As state Senate President Pro Tempore Jake Corman, R-Bellefonte, pointed out in a statement released after the announcement, school boards all over Pennsylvania have endured highly-contentious meetings involving members of the public debating whether to mandate masks in their individual districts that has often included yelling, accusations being levied and on occasion threats being made. Some districts have already begun classes.

Now, after months of these meetings dividing communities across the commonwealth and Wolf — rightly we might add — choosing not to intervene, many of them will have to change course immediately because the governor decided to change his mind at the last minute.

Large cities and sparsely-populated rural areas are not one and the same.

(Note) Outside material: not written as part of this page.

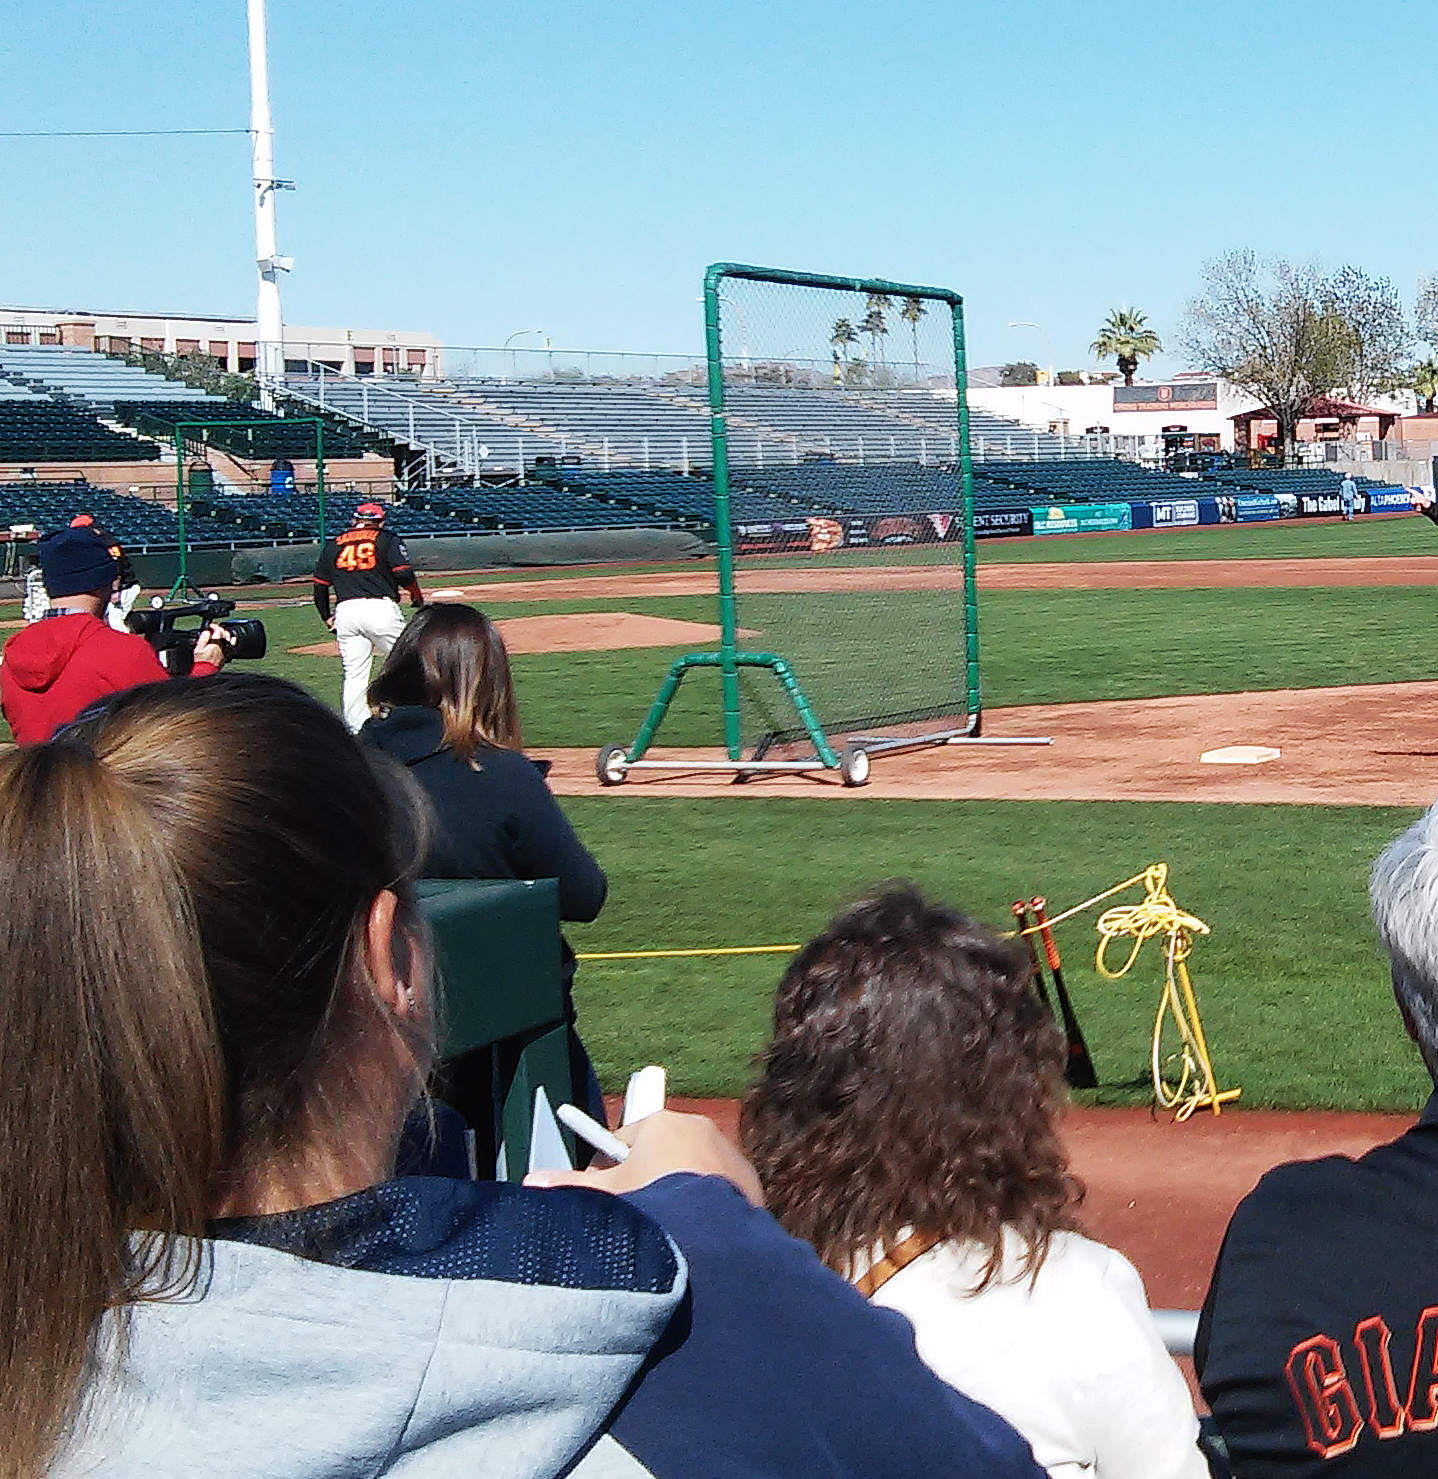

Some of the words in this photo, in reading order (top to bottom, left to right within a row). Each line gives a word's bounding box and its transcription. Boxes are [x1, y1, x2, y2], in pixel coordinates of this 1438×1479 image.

[1302, 497, 1318, 513] The
[991, 513, 1029, 526] SECURITY
[1156, 506, 1172, 520] MT
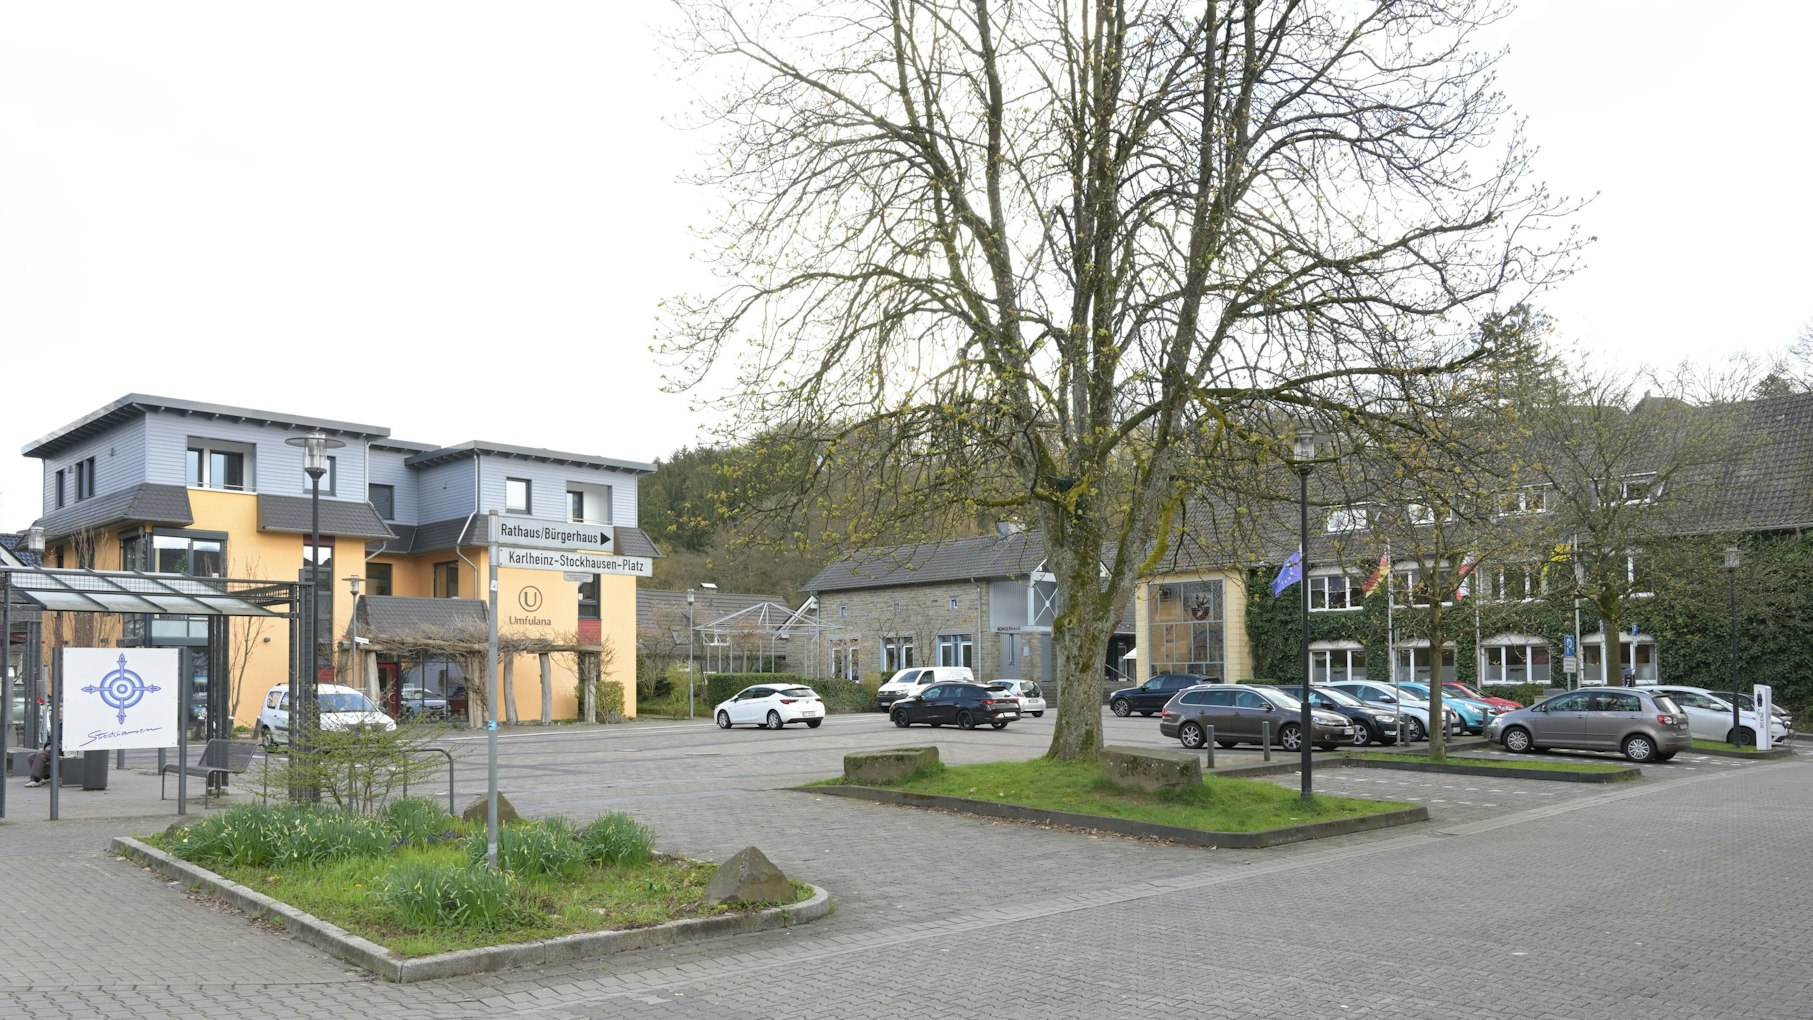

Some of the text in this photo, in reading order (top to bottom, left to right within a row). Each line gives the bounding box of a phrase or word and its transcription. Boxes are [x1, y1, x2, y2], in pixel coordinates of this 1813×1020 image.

We wish our governor, in a state as large and diverse as Pennsylvania, would trust local leaders to make the decisions they were elected to make because when people feel like they’re not being heard by those in positions of authority, they’re less likely to comply with what is being asked or required of them by those same people.

We have no doubt there will be angry parents who will defy the order, send their kids to school maskless, and it will be left to the local school administration — some of whom may not even agree with the mandate themselves — to enforce it.

The late President Ronald Reagan once said the nine scariest words in the English language are, “I’m from the government and I’m here to help.”

Gov. Wolf’s pandemic “solutions” have often proved President Reagan right. We unfortunately feel this one will, too.